Data under study Block Start

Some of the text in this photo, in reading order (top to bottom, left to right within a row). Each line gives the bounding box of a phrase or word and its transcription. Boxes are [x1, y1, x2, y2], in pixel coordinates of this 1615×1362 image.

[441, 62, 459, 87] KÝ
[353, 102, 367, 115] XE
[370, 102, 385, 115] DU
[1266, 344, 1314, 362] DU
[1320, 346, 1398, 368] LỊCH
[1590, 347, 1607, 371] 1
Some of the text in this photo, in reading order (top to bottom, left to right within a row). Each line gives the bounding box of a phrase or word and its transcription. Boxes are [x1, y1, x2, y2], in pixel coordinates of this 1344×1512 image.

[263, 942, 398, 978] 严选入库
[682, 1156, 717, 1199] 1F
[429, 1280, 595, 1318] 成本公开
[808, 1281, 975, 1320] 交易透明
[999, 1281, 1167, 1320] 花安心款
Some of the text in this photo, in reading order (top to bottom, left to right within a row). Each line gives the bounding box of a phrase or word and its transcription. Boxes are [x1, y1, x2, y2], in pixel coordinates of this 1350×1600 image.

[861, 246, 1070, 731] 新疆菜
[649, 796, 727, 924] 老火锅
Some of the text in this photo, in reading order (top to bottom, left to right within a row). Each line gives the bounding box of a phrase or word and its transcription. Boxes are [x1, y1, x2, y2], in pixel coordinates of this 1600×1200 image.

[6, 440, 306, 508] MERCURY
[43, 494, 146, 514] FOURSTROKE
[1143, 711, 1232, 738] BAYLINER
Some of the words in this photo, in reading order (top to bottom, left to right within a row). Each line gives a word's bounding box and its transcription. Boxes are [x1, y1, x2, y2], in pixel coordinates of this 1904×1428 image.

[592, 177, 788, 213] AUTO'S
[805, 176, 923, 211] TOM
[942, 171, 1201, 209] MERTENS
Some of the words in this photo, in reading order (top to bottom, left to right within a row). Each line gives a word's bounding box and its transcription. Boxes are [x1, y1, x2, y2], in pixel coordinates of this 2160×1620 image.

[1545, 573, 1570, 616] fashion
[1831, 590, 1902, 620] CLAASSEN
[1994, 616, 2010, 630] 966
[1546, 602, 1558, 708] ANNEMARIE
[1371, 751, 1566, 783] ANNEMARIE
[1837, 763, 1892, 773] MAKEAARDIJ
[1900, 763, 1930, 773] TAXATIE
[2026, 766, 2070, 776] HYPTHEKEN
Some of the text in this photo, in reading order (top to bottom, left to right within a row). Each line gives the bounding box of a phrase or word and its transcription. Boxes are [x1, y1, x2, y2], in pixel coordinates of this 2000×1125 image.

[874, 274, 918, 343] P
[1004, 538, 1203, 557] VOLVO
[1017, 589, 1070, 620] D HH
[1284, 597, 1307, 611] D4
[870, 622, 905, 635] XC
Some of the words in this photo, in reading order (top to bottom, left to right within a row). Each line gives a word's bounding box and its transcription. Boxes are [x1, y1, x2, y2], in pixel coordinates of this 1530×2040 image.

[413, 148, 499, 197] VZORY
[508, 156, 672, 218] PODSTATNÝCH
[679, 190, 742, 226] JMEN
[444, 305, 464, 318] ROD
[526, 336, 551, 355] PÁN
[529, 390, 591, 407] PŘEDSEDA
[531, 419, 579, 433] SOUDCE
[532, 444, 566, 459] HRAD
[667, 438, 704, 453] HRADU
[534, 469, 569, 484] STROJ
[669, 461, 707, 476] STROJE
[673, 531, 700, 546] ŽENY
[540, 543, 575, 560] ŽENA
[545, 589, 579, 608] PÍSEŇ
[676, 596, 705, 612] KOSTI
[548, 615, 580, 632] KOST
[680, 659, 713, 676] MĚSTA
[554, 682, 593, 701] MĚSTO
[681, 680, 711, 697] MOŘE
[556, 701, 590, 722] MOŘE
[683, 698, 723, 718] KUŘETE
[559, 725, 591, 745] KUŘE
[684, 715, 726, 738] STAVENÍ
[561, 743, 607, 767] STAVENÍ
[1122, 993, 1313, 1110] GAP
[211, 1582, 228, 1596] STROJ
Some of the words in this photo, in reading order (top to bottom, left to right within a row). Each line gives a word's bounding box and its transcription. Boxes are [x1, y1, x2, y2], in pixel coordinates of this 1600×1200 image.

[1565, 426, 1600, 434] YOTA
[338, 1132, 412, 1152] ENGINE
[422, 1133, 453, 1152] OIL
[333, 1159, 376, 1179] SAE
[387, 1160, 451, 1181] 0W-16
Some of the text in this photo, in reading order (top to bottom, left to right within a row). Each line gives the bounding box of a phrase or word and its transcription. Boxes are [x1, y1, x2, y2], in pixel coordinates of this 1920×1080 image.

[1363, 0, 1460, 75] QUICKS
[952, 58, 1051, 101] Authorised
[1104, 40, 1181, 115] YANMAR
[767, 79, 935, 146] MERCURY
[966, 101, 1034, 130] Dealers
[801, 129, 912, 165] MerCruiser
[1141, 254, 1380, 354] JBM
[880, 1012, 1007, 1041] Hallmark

Data under study Block End

### Exercise instructions
Set down the data exactly.

### Completed exercise
Some of the text in this photo, in reading order (top to bottom, left to right within a row). Each line gives the bounding box of a phrase or word and its transcription. Boxes are [x1, y1, x2, y2], in pixel coordinates of this 1615×1362 image.

[441, 62, 459, 87] KÝ
[353, 102, 367, 115] XE
[370, 102, 385, 115] DU
[1266, 344, 1314, 362] DU
[1320, 346, 1398, 368] LỊCH
[1590, 347, 1607, 371] 1
Some of the text in this photo, in reading order (top to bottom, left to right within a row). Each line gives the bounding box of a phrase or word and its transcription. Boxes are [x1, y1, x2, y2], in pixel coordinates of this 1344×1512 image.

[263, 942, 398, 978] 严选入库
[682, 1156, 717, 1199] 1F
[429, 1280, 595, 1318] 成本公开
[808, 1281, 975, 1320] 交易透明
[999, 1281, 1167, 1320] 花安心款
Some of the text in this photo, in reading order (top to bottom, left to right within a row). Each line gives the bounding box of a phrase or word and its transcription. Boxes are [x1, y1, x2, y2], in pixel coordinates of this 1350×1600 image.

[861, 246, 1070, 731] 新疆菜
[649, 796, 727, 924] 老火锅
Some of the text in this photo, in reading order (top to bottom, left to right within a row). Each line gives the bounding box of a phrase or word and its transcription. Boxes are [x1, y1, x2, y2], in pixel coordinates of this 1600×1200 image.

[6, 440, 306, 508] MERCURY
[43, 494, 146, 514] FOURSTROKE
[1143, 711, 1232, 738] BAYLINER
Some of the words in this photo, in reading order (top to bottom, left to right within a row). Each line gives a word's bounding box and its transcription. Boxes are [x1, y1, x2, y2], in pixel coordinates of this 1904×1428 image.

[592, 177, 788, 213] AUTO'S
[805, 176, 923, 211] TOM
[942, 171, 1201, 209] MERTENS
Some of the words in this photo, in reading order (top to bottom, left to right within a row). Each line gives a word's bounding box and its transcription. Boxes are [x1, y1, x2, y2], in pixel coordinates of this 2160×1620 image.

[1545, 573, 1570, 616] fashion
[1831, 590, 1902, 620] CLAASSEN
[1994, 616, 2010, 630] 966
[1546, 602, 1558, 708] ANNEMARIE
[1371, 751, 1566, 783] ANNEMARIE
[1837, 763, 1892, 773] MAKEAARDIJ
[1900, 763, 1930, 773] TAXATIE
[2026, 766, 2070, 776] HYPTHEKEN
Some of the text in this photo, in reading order (top to bottom, left to right within a row). Each line gives the bounding box of a phrase or word and its transcription. Boxes are [x1, y1, x2, y2], in pixel coordinates of this 2000×1125 image.

[874, 274, 918, 343] P
[1004, 538, 1203, 557] VOLVO
[1017, 589, 1070, 620] D HH
[1284, 597, 1307, 611] D4
[870, 622, 905, 635] XC
Some of the words in this photo, in reading order (top to bottom, left to right within a row). Each line gives a word's bounding box and its transcription. Boxes are [x1, y1, x2, y2], in pixel coordinates of this 1530×2040 image.

[413, 148, 499, 197] VZORY
[508, 156, 672, 218] PODSTATNÝCH
[679, 190, 742, 226] JMEN
[444, 305, 464, 318] ROD
[526, 336, 551, 355] PÁN
[529, 390, 591, 407] PŘEDSEDA
[531, 419, 579, 433] SOUDCE
[532, 444, 566, 459] HRAD
[667, 438, 704, 453] HRADU
[534, 469, 569, 484] STROJ
[669, 461, 707, 476] STROJE
[673, 531, 700, 546] ŽENY
[540, 543, 575, 560] ŽENA
[545, 589, 579, 608] PÍSEŇ
[676, 596, 705, 612] KOSTI
[548, 615, 580, 632] KOST
[680, 659, 713, 676] MĚSTA
[554, 682, 593, 701] MĚSTO
[681, 680, 711, 697] MOŘE
[556, 701, 590, 722] MOŘE
[683, 698, 723, 718] KUŘETE
[559, 725, 591, 745] KUŘE
[684, 715, 726, 738] STAVENÍ
[561, 743, 607, 767] STAVENÍ
[1122, 993, 1313, 1110] GAP
[211, 1582, 228, 1596] STROJ
Some of the words in this photo, in reading order (top to bottom, left to right within a row). Each line gives a word's bounding box and its transcription. Boxes are [x1, y1, x2, y2], in pixel coordinates of this 1600×1200 image.

[1565, 426, 1600, 434] YOTA
[338, 1132, 412, 1152] ENGINE
[422, 1133, 453, 1152] OIL
[333, 1159, 376, 1179] SAE
[387, 1160, 451, 1181] 0W-16
Some of the text in this photo, in reading order (top to bottom, left to right within a row). Each line gives the bounding box of a phrase or word and its transcription. Boxes are [x1, y1, x2, y2], in pixel coordinates of this 1920×1080 image.

[1363, 0, 1460, 75] QUICKS
[952, 58, 1051, 101] Authorised
[1104, 40, 1181, 115] YANMAR
[767, 79, 935, 146] MERCURY
[966, 101, 1034, 130] Dealers
[801, 129, 912, 165] MerCruiser
[1141, 254, 1380, 354] JBM
[880, 1012, 1007, 1041] Hallmark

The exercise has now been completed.